一回だけしか俺の世界は壊れないだろうとおもっていた………だが、心の中では壊れていて欲しいとおもったのかもしれない。だから、俺は信じられない伝説などに耳を傾け、実際に試そうとした。
試そうとした結果が正解ならば俺は自らが望んだ………それがたとえどんな終わり方をしてもだ………自分の世界を壊すということについては成功している途中ということである。それが間違いだったら………俺はちょっと精神に異常をきたしてきているのだろう。
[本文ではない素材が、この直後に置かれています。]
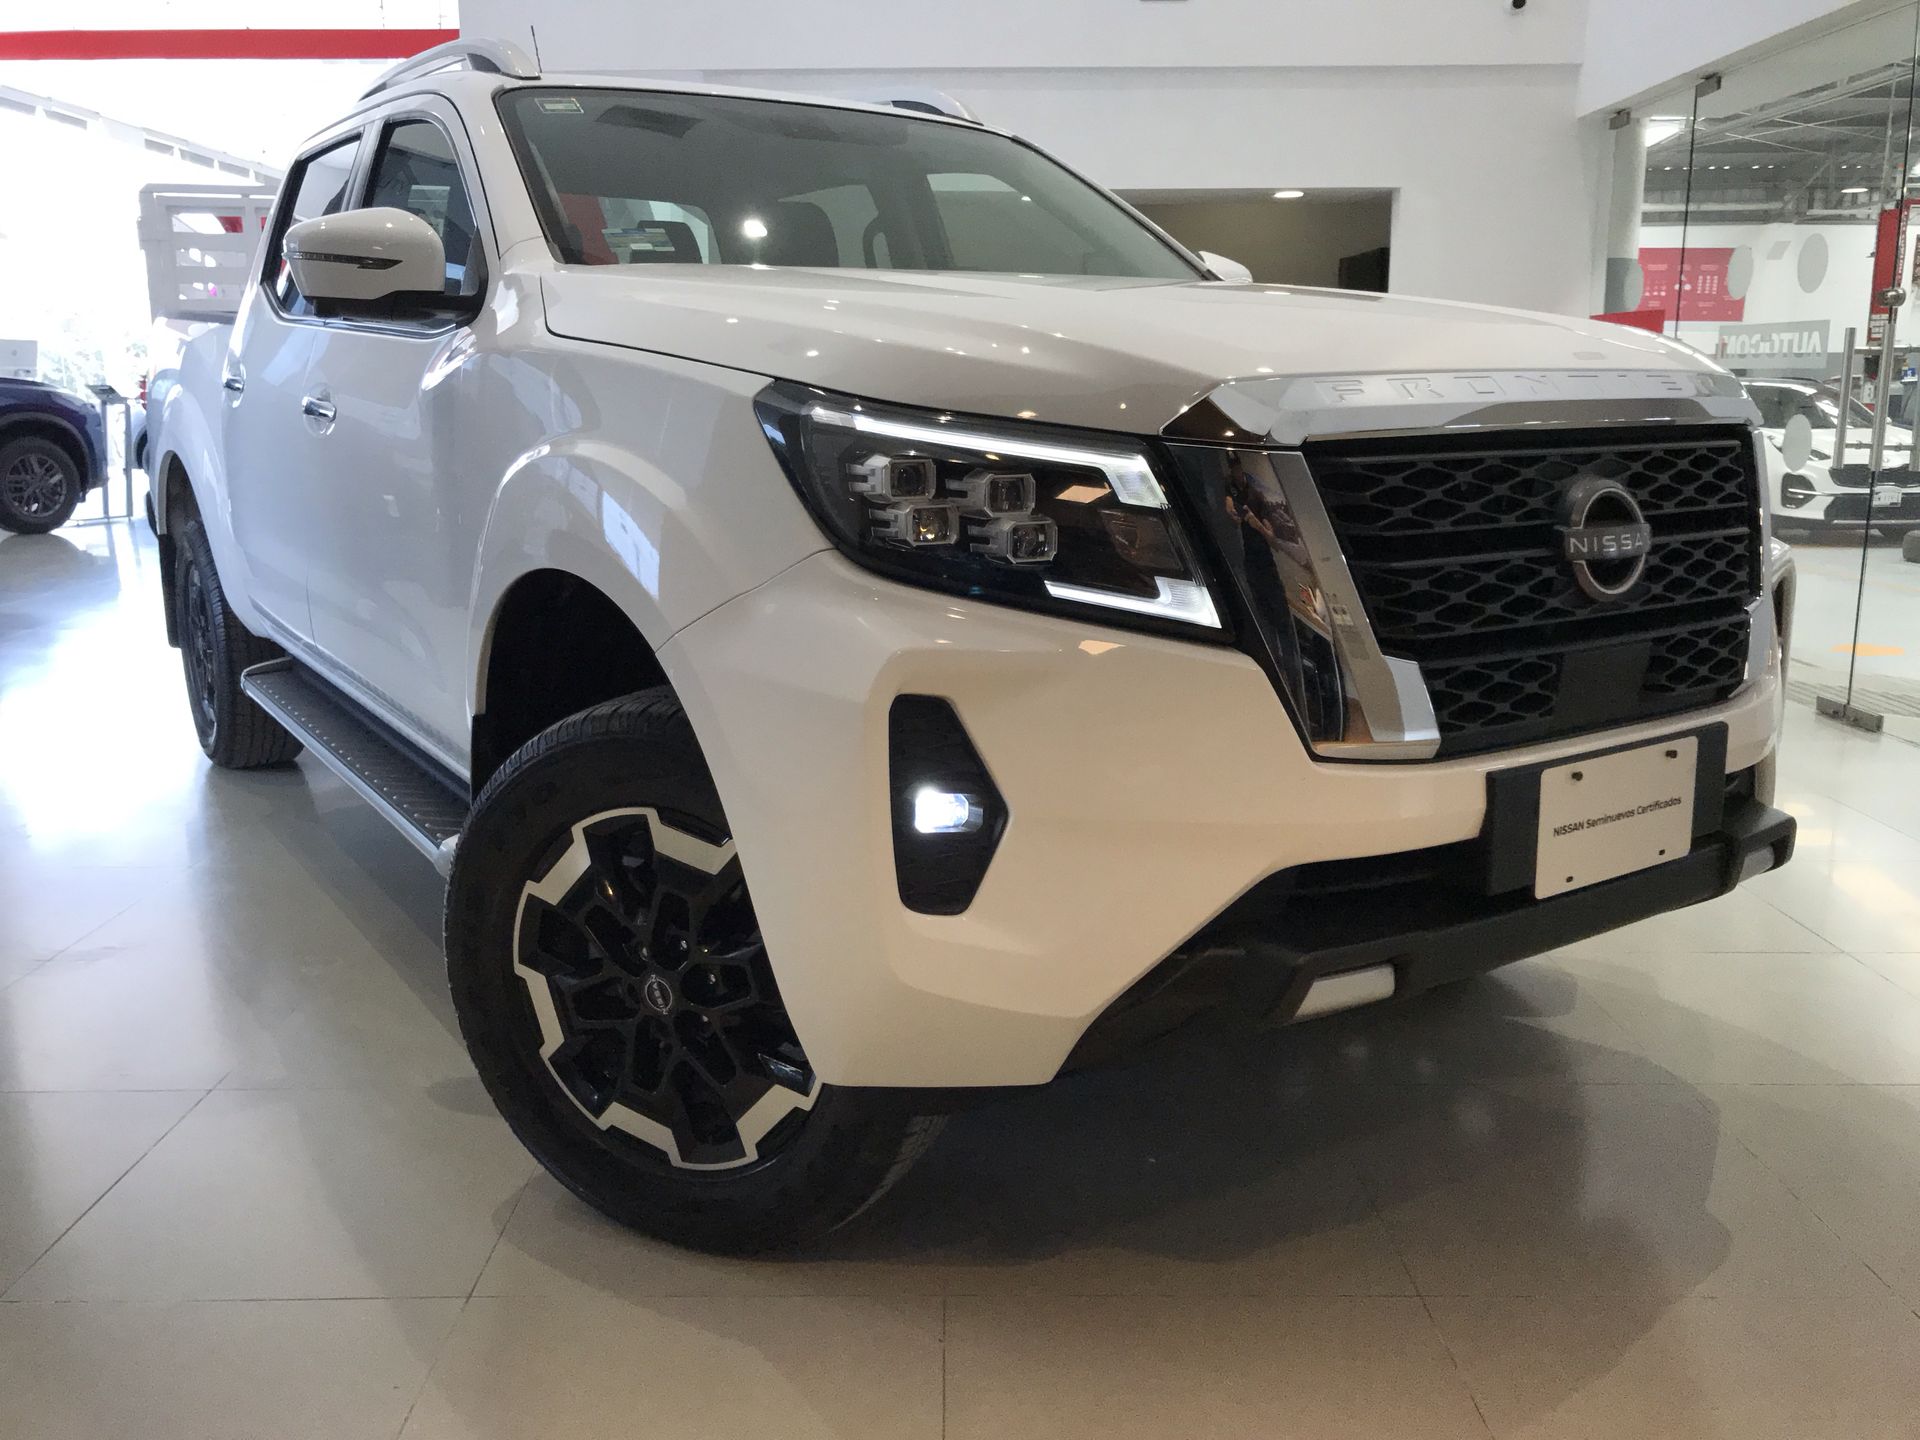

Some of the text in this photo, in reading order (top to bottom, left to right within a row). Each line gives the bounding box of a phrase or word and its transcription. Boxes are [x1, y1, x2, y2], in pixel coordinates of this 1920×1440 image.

[1553, 796, 1682, 837] NISSAN Seminuevos Certificados
「さぁて、爺さん、俺はあんたがいつか言っていたことを試すときがやってきたようだぜ…………」
震える足を思い切り叩き、それがちょっとやりすぎてしまったとおもいながら俺は雨の降る中傘もささずに揺れる木々、大地を晴眼で見据える。
「っと………………まだ猶予があるみたいだから今のうちにしとくか……」
忘れていた家への連絡を今しておこう。
「ああ、藍か?ちょっと面白い奴にあっちまってな……帰りが遅くなるかもしれない………救急箱の準備でもしといてくれ」
俺は相手の返事も待たずに電源自体を切って俺の目の前に迫ってくる相手を見据える。